Do you know perl? Format can do this and/or the printf command
See example here:

http://www.webreference.com/programming/perl/format/

druuna · 04-26-2010, 03:35 AM

Hi,

A sed solution:

sed 's/\([0-9][0-9_]*\)_\([0-9][0-9:]*\).\([a-z][a-z0-9]*\).\([1-9][0-9]*.[1-9][0-9]*.[1-9][0-9]*.[1-9][0-9]*\).\([a-z0-9][a-z0-9]*\)/\1 \2 \3 \4 \5/' infile

Example run:

Code:

cat infile 
01_01_2001_01:01:01.foo.1.1.1.1.log1.txt
05_05_2005_05:05:05.bar.5.5.5.5.log5.txt
10_10_2010_10:10:10.foobar.10.10.10.10.log10.txt


sed 's/\([0-9][0-9_]*\)_\([0-9][0-9:]*\).\([a-z][a-z0-9]*\).\([1-9][0-9]*.[1-9][0-9]*.[1-9][0-9]*.[1-9][0-9]*\).\([a-z0-9][a-z0-9]*\)..*/\1 \2 \3 \4 \5/' blaat 
01_01_2001 01:01:01 foo 1.1.1.1 log1
05_05_2005 05:05:05 bar 5.5.5.5 log5
10_10_2010 10:10:10 foobar 10.10.10.10 log10

Hope this helps.

jeesun · 04-26-2010, 03:54 AM

Thanks druuna for your valuable reply.

But not the cat command to format file content.

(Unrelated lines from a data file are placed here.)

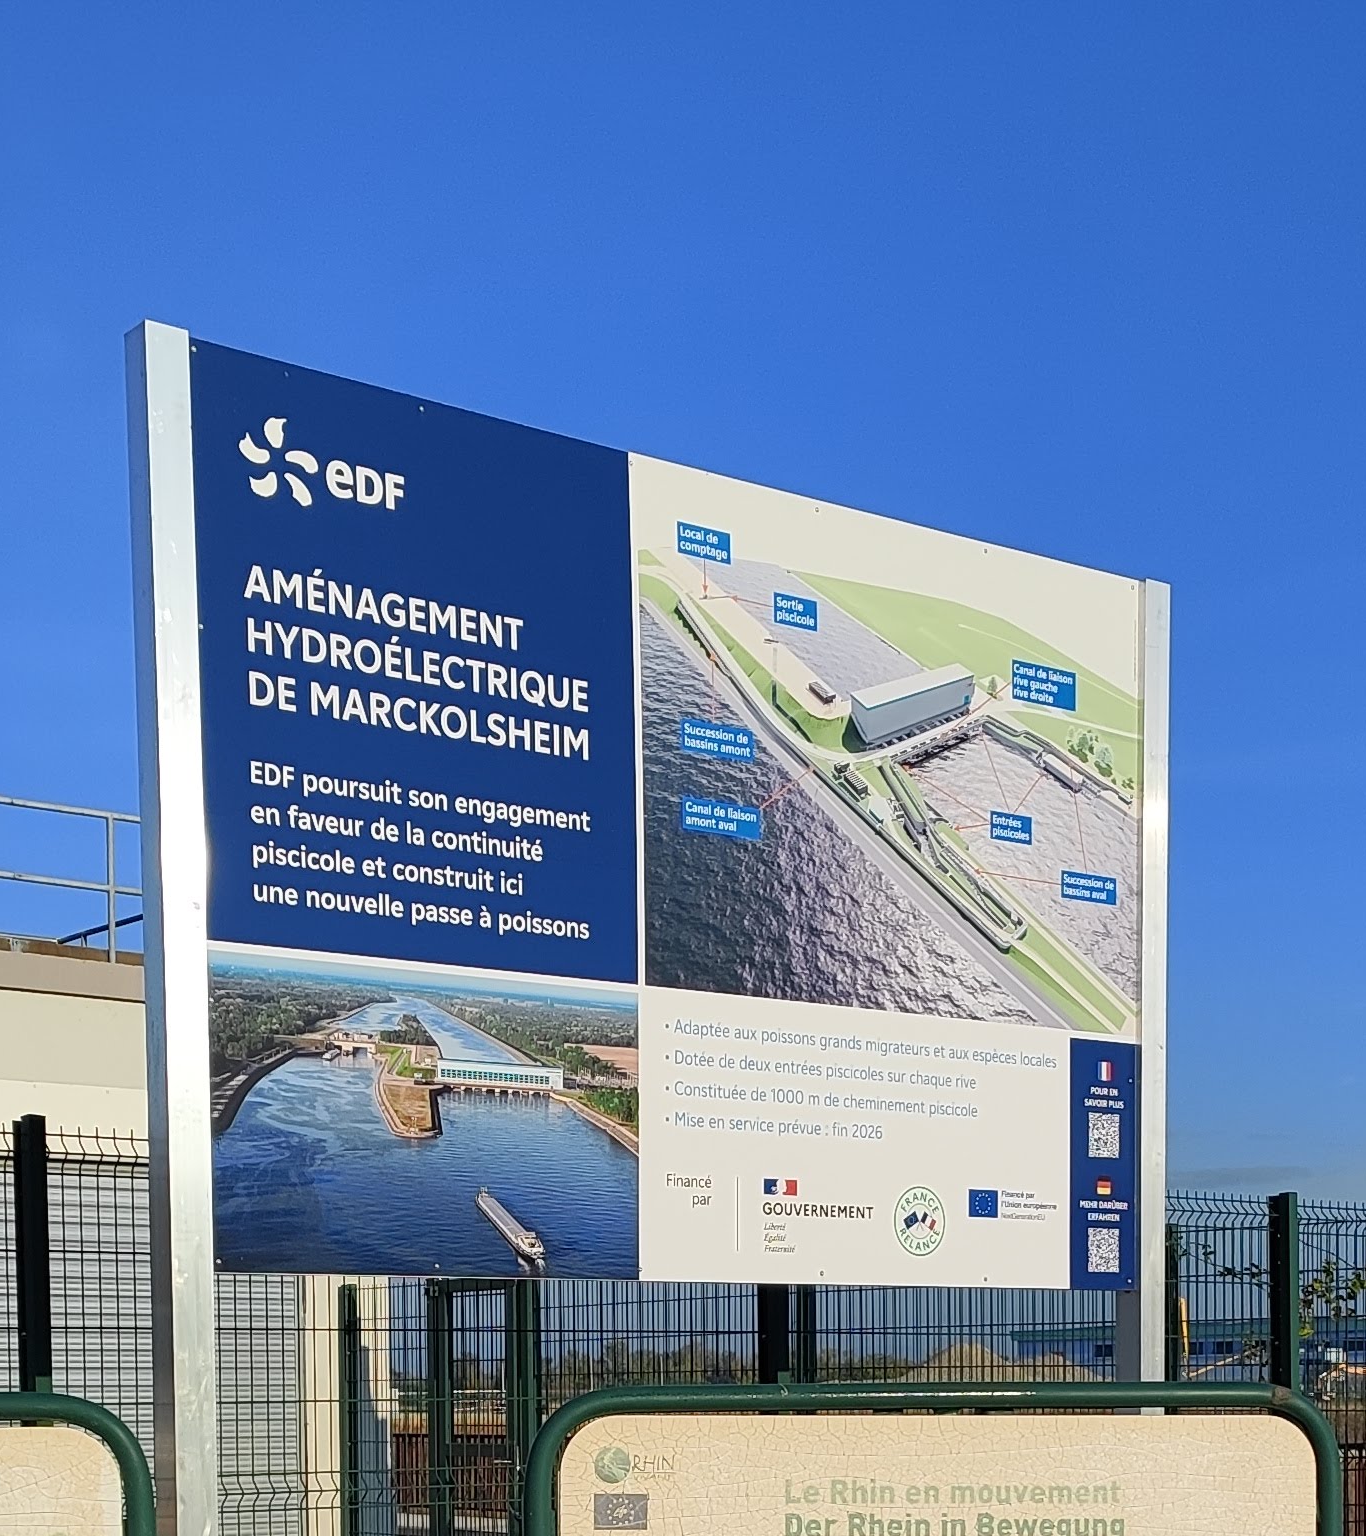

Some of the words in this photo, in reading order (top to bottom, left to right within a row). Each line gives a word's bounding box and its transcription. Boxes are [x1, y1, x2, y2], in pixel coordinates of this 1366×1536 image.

[679, 526, 704, 541] Local
[706, 533, 718, 544] de
[680, 540, 727, 560] comptage
[243, 564, 523, 651] AMÉNAGEMENT
[777, 597, 804, 611] Sortie
[777, 610, 814, 627] piscicole
[246, 618, 589, 713] HYDROÉLECTRIQUE
[1014, 664, 1035, 677] Canal
[1037, 668, 1047, 680] de
[1048, 670, 1073, 685] liaison
[1014, 675, 1028, 687] rive
[1030, 679, 1058, 694] gauche
[1014, 687, 1028, 698] rive
[1029, 690, 1053, 703] droite
[249, 671, 297, 712] DE
[310, 681, 589, 761] MARCKOLSHEIM
[684, 723, 734, 742] Succession
[737, 733, 748, 744] de
[684, 735, 718, 751] bassins
[721, 745, 750, 757] amont
[250, 760, 295, 789] EDF
[303, 769, 403, 807] poursuit
[408, 783, 448, 812] son
[455, 792, 591, 832] engagement
[686, 802, 711, 815] Canal
[714, 806, 725, 817] de
[728, 808, 756, 822] liaison
[993, 815, 1022, 828] Entrées
[251, 805, 281, 827] en
[287, 805, 363, 837] faveur
[370, 814, 399, 843] de
[405, 820, 425, 846] la
[431, 826, 543, 862] continuité
[686, 816, 716, 828] amont
[718, 821, 737, 831] aval
[252, 840, 355, 876] piscicole
[361, 854, 386, 879] et
[393, 858, 494, 894] construit
[500, 871, 523, 896] ici
[1105, 880, 1114, 891] de
[253, 881, 298, 906] une
[306, 888, 404, 919] nouvelle
[411, 902, 473, 928] passe
[479, 905, 491, 929] à
[499, 911, 589, 940] poissons
[674, 1019, 730, 1039] Adaptée
[734, 1028, 757, 1041] aux
[761, 1028, 816, 1046] poissons
[820, 1035, 861, 1051] grands
[866, 1038, 930, 1056] migrateurs
[934, 1045, 945, 1058] et
[949, 1047, 969, 1060] aux
[973, 1050, 1017, 1065] espèces
[1020, 1052, 1056, 1068] locales
[675, 1050, 714, 1067] Dotée
[719, 1054, 735, 1068] de
[739, 1055, 771, 1072] deux
[775, 1060, 822, 1076] entrées
[826, 1063, 884, 1081] piscicoles
[888, 1070, 906, 1083] sur
[910, 1070, 952, 1089] chaque
[956, 1073, 976, 1089] rive
[674, 1080, 746, 1100] Constituée
[751, 1087, 766, 1101] de
[771, 1088, 804, 1105] 1000
[809, 1094, 820, 1106] m
[824, 1093, 839, 1107] de
[843, 1093, 925, 1115] cheminement
[929, 1102, 978, 1118] piscicole
[1090, 1087, 1108, 1096] POUR
[1110, 1088, 1118, 1097] EN
[1084, 1099, 1108, 1107] SAVOIR
[1108, 1100, 1124, 1109] PLUS
[675, 1112, 705, 1128] Mise
[709, 1117, 724, 1129] en
[729, 1116, 774, 1132] service
[779, 1120, 821, 1136] prévue
[832, 1122, 847, 1137] fin
[852, 1123, 883, 1139] 2026
[666, 1173, 712, 1189] Financé
[692, 1194, 712, 1208] par
[900, 1191, 940, 1215] FRANCE
[1026, 1192, 1035, 1200] par
[1080, 1200, 1097, 1209] MEHR
[762, 1202, 874, 1219] GOUVERNEMENT
[763, 1222, 786, 1232] Liberté
[899, 1227, 941, 1251] RELANCE
[631, 1454, 676, 1471] RHIN
[785, 1479, 821, 1504] Le
[831, 1478, 895, 1504] Rhin
[905, 1484, 939, 1504] en
[950, 1482, 1121, 1504] mouvement

suppose the file name is 01_01_2001_01:01:01.foo.1.1.1.1.log1.txt and I want to reformat it's name actually

catkin · 04-26-2010, 04:50 AM

Here's a pure bash solution. Some of the bash-isms are pretty dense so it's structured for legibility rather than minimalism

Code:

# File name general format
# <day_month_yr>_<hh:mm:ss>.<host_name>.<IP.ip.ip.ip>.<log_name>.txt
# Assume date and time are fixed length

# Column titles
readonly ct_date='Date'
readonly ct_time='Time'
readonly ct_hostname='Host_Name'
readonly ct_ip='IP_address'
readonly ct_login_name='Login_Name'

# Simulate reading file names into an array
filename[0]='01_01_2001_01:01:01.foo.1.1.1.1.log1.txt'

# Parse variable length parts of file names
for (( i=0; i<${#filename[*]}; i++ ))
do
    buf=${filename[i]:20}
    hostname[i]=${buf%%.*}
    buf=${buf#*.}
    buf=${buf%.txt}
    login_name[i]=${buf##*.}
    ip=${buf%.$login_name}
done

# Determine required colum widths
cw_date=10
cw_time=8
cw_hostname=${#ct_hostname}
cw_ip=${#ct_ip}
cw_login_name=${#ct_login_name}
for (( i=0; i<${#filename[*]}; i++ ))
do
    [[ ${#hostname[i]} -gt ${#${cw_hostname[i]}} ]] && cw_hostname=${#hostname[i]}
    [[ ${#login_name[i]} -gt ${#${cw_login_name[i]}} ]] && cw_login_name=${#login_name[i]}
    [[ ${#ip[i]} -gt ${#${cw_ip[i]}} ]] && cw_ip=${#ip[i]}
done

# Build format string
fmt="| %${cw_date}s | %${cw_time}s | %${cw_hostname}s | %${cw_ip}s | %${cw_login_name}s |\n"

# Write table
printf "$fmt" "$ct_date" "$ct_time" "$ct_hostname" "$ct_ip" "$ct_login_name"
for (( i=0; i<${#filename[*]}; i++ ))
do
    printf "$fmt" \
        "${filename[i]:0:10}" \
        "${filename[i]:11:8}" \
        "${hostname[i]}" \
        "${ip[i]}" \
        "${login_name[i]}"
done

druuna · 04-26-2010, 05:27 AM

Quote:

Originally Posted by jeesun

Thanks druuna for your valuable reply.

But not the cat command to format file content.

suppose the file name is 01_01_2001_01:01:01.foo.1.1.1.1.log1.txt and I want to reformat it's name actually

I really don't understand what you are trying to say.

Have a look at catkin's example, maybe that will do whatever it is you want.